He inclines his head at her, blinking fast, as though a thought runs out in front of him, too quick to catch. “It was Grandmom,” he murmurs, “who used to say that.”
Oxygen at twenty percent, says the hood.
A bead of sweat clings to the tip of Father’s nose, quivers, then drops.
“At home,” he says, “in Scheria, an irrigation ditch ran behind the house. Even after it dried up, even on the hottest days, there was always a surprise if you knelt there long enough. An airborne seed, or a weevil, or a brave little starflower all by itself.”
Wave after wave of drowsiness breaks over Konstance. What is Father doing? What is he trying to tell her? He rises and stumbles over the mangled stool and out of the vestibule.
“Father, please.”
But his face passes out of sight. He braces one foot against the edge of the door, wrestles out the mangled stool, and the vestibule closes.
“No, don’t—”
Outer door sealed, Sybil says. Beginning decontamination.
The noise of the fans builds. She feels cold jets against the bioplastic of her suit, shuts her eyes against the three pulses of light, and the inner door opens. Terrified, exhausted, biting back panic, Konstance drags the toilet inside, the sacks of Nourish powder, the cot, the food printer in its wrap.

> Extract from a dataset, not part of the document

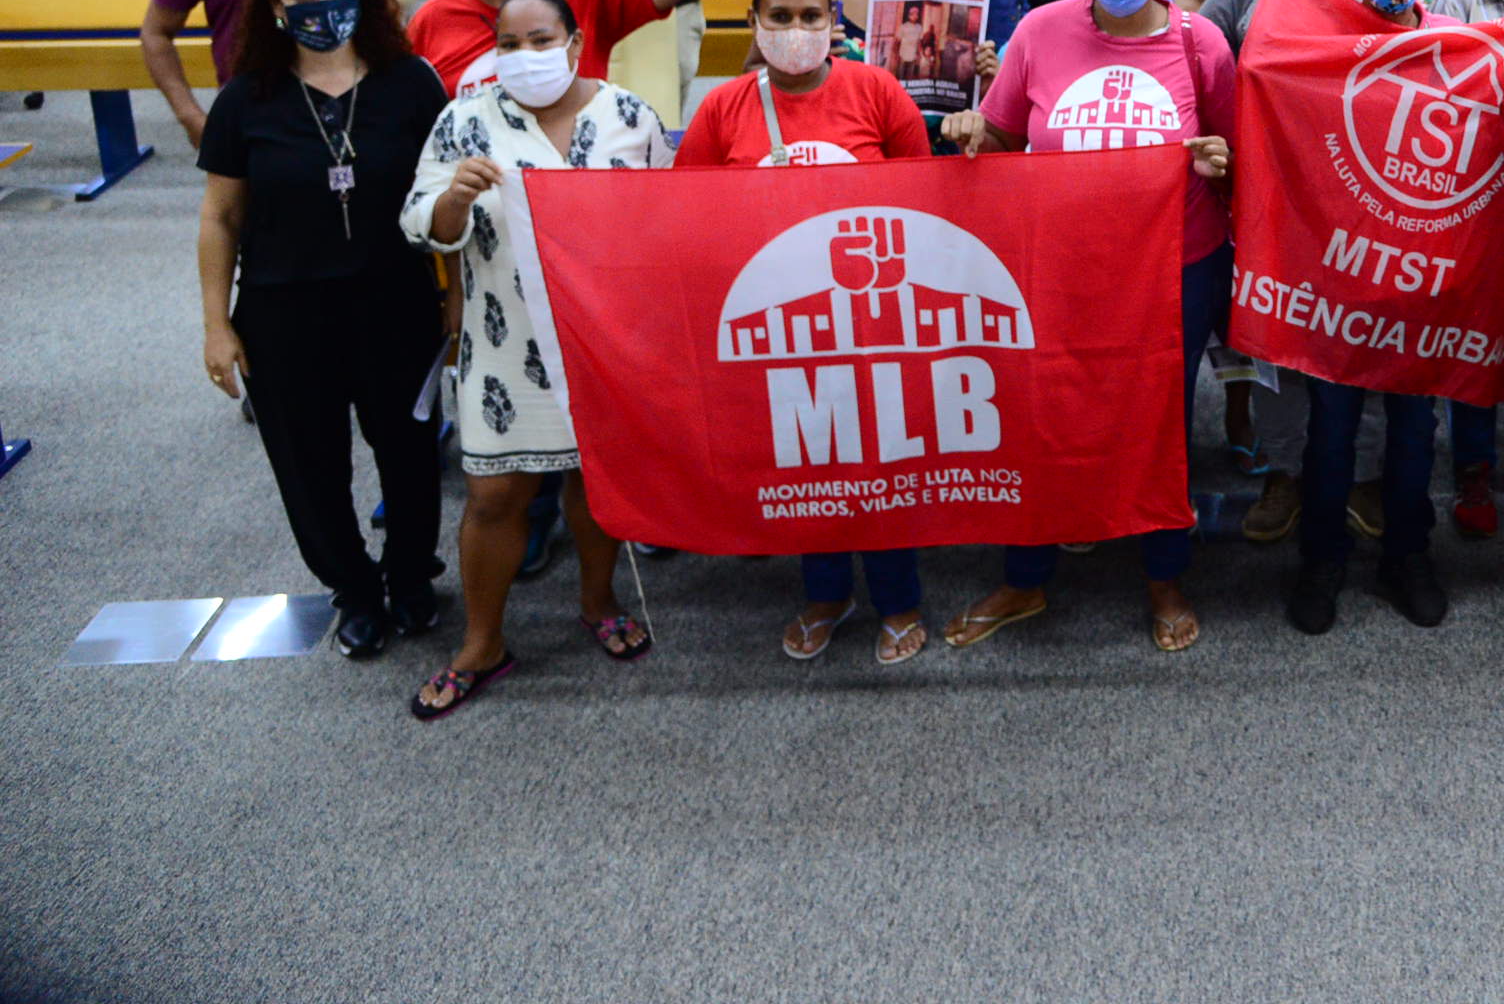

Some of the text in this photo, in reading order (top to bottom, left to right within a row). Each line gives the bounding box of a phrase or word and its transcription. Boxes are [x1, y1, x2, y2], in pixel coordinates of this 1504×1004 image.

The inner door seals. The only light is the glow of Sybil flickering inside her tower, now orange now rose now yellow.
Hello, Konstance.
Oxygen at eighteen percent, says the hood.
I adore visitors.
One two three four five.
Fifty-six fifty-seven fifty-eight.
Oxygen at seventeen percent.
Eighty-eight eighty-nine ninety. Mother’s unfolded blanket. Father’s hair damp with sweat. A bare foot sticking out of a tent. She reaches one hundred and disconnects the hood. Pulls it off her head. Lies on the floor as the SleepDrops drag her down.
TEN
THE GULL
* * *
Cloud Cuckoo Land by Antonius Diogenes, Folio K
… the goddess spiraled down from the night. She had a white body, gray wings, and a bright orange mouth like a beak, and although she was not as large as I expected a goddess to be, I became afraid. She landed on her yellow feet and took a few steps and began picking at a pile of seaweed.

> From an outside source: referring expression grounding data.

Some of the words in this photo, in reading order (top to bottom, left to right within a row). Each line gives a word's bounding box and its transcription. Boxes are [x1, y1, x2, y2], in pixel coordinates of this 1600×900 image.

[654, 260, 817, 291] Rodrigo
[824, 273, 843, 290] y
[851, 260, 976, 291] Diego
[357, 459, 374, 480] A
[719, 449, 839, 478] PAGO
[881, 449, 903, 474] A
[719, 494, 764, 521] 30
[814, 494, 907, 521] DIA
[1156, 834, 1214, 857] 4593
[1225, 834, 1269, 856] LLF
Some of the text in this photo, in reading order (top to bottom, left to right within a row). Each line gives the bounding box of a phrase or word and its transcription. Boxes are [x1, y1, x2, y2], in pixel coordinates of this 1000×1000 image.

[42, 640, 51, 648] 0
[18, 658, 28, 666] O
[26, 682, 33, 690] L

“Exalted daughter of Zeus,” I said, “I beg you, say the magic incantation to deliver me from this form into another, so that I might fly to the city in the clouds where all needs are met and no one suffers and every day shines like the very first days at the birth of the world.”
“What in the world are you braying about?” asked the goddess, and the reek of her fish-breath nearly knocked me over. “I’ve flapped all over these parts, and found no place like that, in the clouds or anywhere else.”
She was clearly a cold-blooded deity, playing tricks on me. I said, “Well, at least could you use your wings to fly somewhere bright and warm, and bring me back a rose, so that I might return to what I was before, and start my journey anew?”
The goddess pointed with one wing at a second pile of seaweed, frozen to the gravel, and said, “That’s the rose of the northern sea and I’ve heard that if you eat enough of it, you’ll feel funny. Though I can tell you right now, a jackass like you is never going to grow wings.” Then she cried, ah ah ah, which sounded a lot more like laughter than magic words, but I put the slushy mess in my mouth and chewed.
Though it tasted like rotten turnips, indeed I did feel a transformation begin. My legs shrank, and so did my ears, and slits emerged behind my jaw. I felt scales sliding across my back, and a slime crept over my eyes…
THE LAKEPORT PUBLIC LIBRARY
FEBRUARY 20, 2020
5:27 P.M.
Seymour
Crouched beside the upended shelf of audiobooks, peeking out a sliver of window, he watches two more police vehicles move into place, as though they are constructing a wall around the library. Bent figures hurry through the snow along Park Street, pinpoints of red traveling with them. Thermal scanners? Laser sights? Above the junipers, a trio of blue lights hover: some kind of remote-controlled drone. These, the creatures we have chosen to repopulate the earth.
Seymour crawls back to the dictionary stand and is trying to swallow the swirling panic in his throat when the phone atop the welcome desk rings. He clamps his hands around his ear defenders. Six rings seven eight and it stops. A moment later the phone in Marian’s office—hardly more than a broom closet beneath the stairs—rings. Seven rings eight rings stop.
“You should answer,” says the wounded man at the base of the stairs. The earmuffs keep his voice faraway. “They’ll want to find a peaceful way to resolve this.”